■ Task requirements:
Could you repeat the records below exactly, leaving the pictures out?

Spatial localization data:
* * * * *

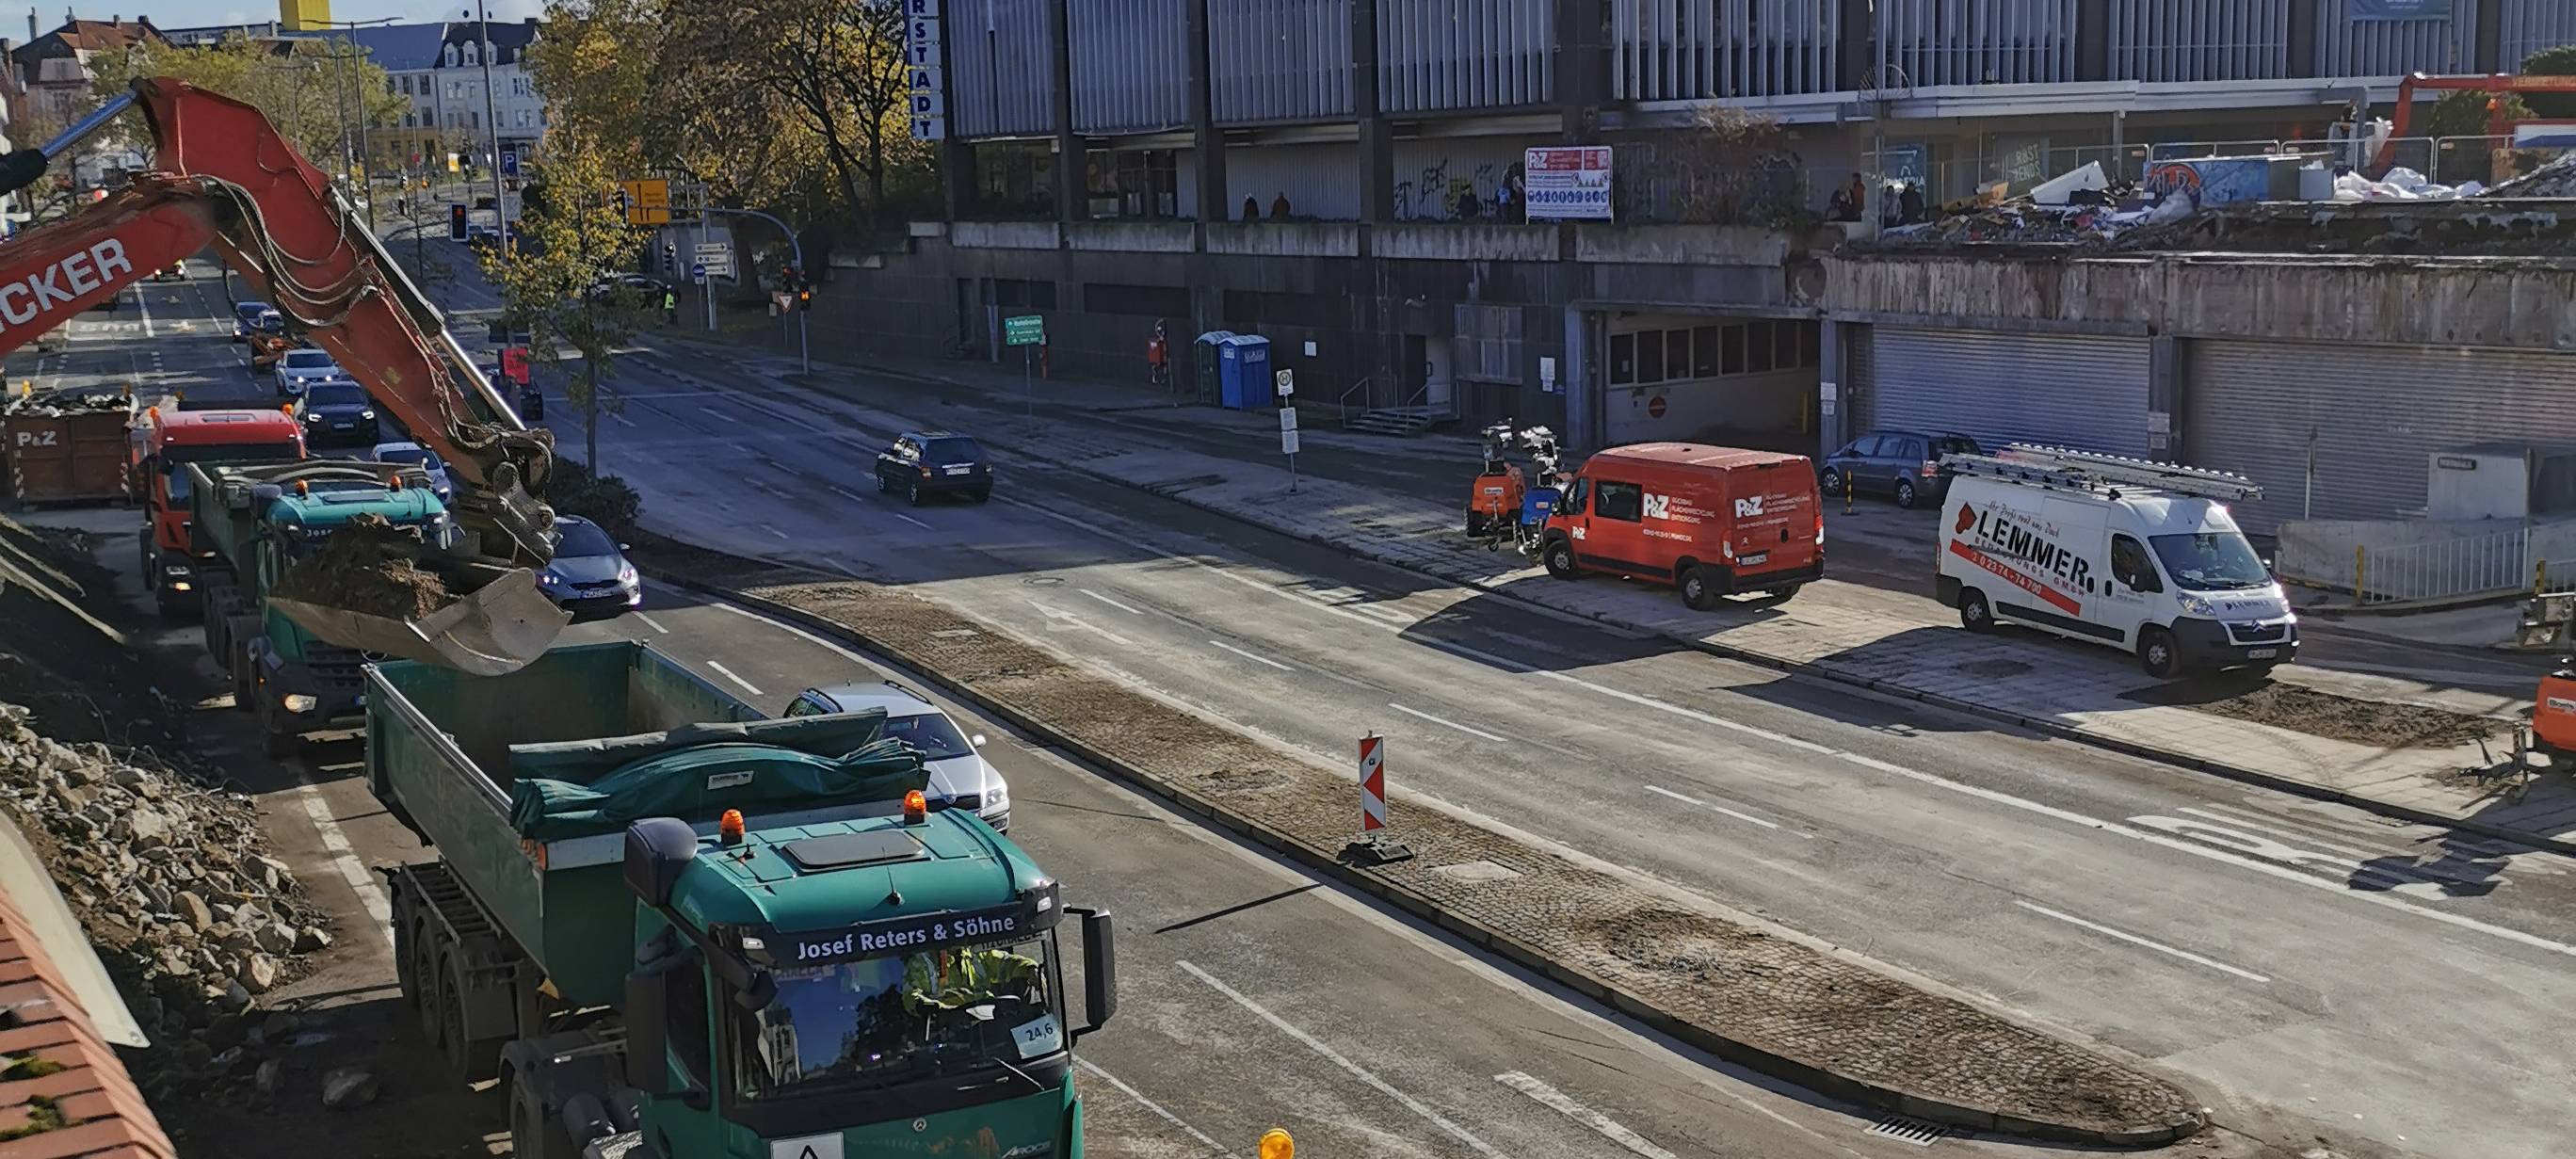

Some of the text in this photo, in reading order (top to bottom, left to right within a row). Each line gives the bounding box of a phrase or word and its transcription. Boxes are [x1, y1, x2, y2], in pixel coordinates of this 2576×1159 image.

[0, 238, 132, 332] CKER
[1643, 493, 1669, 520] P&Z
[1734, 495, 1763, 518] P&Z
[797, 915, 1015, 960] Josef Reters & Söhne
[1025, 1022, 1054, 1042] 24,6

* * * * *

■ Answer section:
Some of the text in this photo, in reading order (top to bottom, left to right within a row). Each line gives the bounding box of a phrase or word and its transcription. Boxes are [x1, y1, x2, y2], in pixel coordinates of this 2576×1159 image.

[0, 238, 132, 332] CKER
[1643, 493, 1669, 520] P&Z
[1734, 495, 1763, 518] P&Z
[797, 915, 1015, 960] Josef Reters & Söhne
[1025, 1022, 1054, 1042] 24,6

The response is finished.